## Provided information

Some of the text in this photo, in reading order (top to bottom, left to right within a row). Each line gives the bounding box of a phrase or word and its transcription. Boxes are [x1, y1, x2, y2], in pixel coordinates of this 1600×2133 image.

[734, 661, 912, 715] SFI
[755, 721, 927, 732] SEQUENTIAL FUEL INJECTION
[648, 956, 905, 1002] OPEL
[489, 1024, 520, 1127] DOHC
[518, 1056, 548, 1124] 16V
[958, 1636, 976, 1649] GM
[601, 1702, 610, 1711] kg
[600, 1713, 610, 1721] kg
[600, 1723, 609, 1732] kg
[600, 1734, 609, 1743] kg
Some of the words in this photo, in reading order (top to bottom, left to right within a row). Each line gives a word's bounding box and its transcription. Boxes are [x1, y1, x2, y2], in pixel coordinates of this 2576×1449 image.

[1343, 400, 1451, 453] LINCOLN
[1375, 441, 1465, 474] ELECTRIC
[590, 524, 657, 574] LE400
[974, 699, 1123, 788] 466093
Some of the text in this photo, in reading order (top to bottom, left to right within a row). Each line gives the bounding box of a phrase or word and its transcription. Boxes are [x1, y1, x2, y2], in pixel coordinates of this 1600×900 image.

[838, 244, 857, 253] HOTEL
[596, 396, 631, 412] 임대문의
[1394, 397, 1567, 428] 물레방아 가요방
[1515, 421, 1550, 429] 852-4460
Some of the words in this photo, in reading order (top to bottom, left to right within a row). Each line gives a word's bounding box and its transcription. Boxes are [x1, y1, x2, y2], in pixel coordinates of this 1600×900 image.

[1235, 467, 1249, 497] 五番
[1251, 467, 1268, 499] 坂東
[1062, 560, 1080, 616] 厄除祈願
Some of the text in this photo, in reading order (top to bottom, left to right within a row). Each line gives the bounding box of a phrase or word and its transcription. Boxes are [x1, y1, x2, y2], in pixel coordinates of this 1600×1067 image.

## What the task asks
An acceptable answer repeats every entry exactly, with nothing omitted.

## Reply
Some of the text in this photo, in reading order (top to bottom, left to right within a row). Each line gives the bounding box of a phrase or word and its transcription. Boxes are [x1, y1, x2, y2], in pixel coordinates of this 1600×2133 image.

[734, 661, 912, 715] SFI
[755, 721, 927, 732] SEQUENTIAL FUEL INJECTION
[648, 956, 905, 1002] OPEL
[489, 1024, 520, 1127] DOHC
[518, 1056, 548, 1124] 16V
[958, 1636, 976, 1649] GM
[601, 1702, 610, 1711] kg
[600, 1713, 610, 1721] kg
[600, 1723, 609, 1732] kg
[600, 1734, 609, 1743] kg
Some of the words in this photo, in reading order (top to bottom, left to right within a row). Each line gives a word's bounding box and its transcription. Boxes are [x1, y1, x2, y2], in pixel coordinates of this 2576×1449 image.

[1343, 400, 1451, 453] LINCOLN
[1375, 441, 1465, 474] ELECTRIC
[590, 524, 657, 574] LE400
[974, 699, 1123, 788] 466093
Some of the text in this photo, in reading order (top to bottom, left to right within a row). Each line gives the bounding box of a phrase or word and its transcription. Boxes are [x1, y1, x2, y2], in pixel coordinates of this 1600×900 image.

[838, 244, 857, 253] HOTEL
[596, 396, 631, 412] 임대문의
[1394, 397, 1567, 428] 물레방아 가요방
[1515, 421, 1550, 429] 852-4460
Some of the words in this photo, in reading order (top to bottom, left to right within a row). Each line gives a word's bounding box and its transcription. Boxes are [x1, y1, x2, y2], in pixel coordinates of this 1600×900 image.

[1235, 467, 1249, 497] 五番
[1251, 467, 1268, 499] 坂東
[1062, 560, 1080, 616] 厄除祈願
Some of the text in this photo, in reading order (top to bottom, left to right within a row). Each line gives the bounding box of a phrase or word and its transcription. Boxes are [x1, y1, x2, y2], in pixel coordinates of this 1600×1067 image.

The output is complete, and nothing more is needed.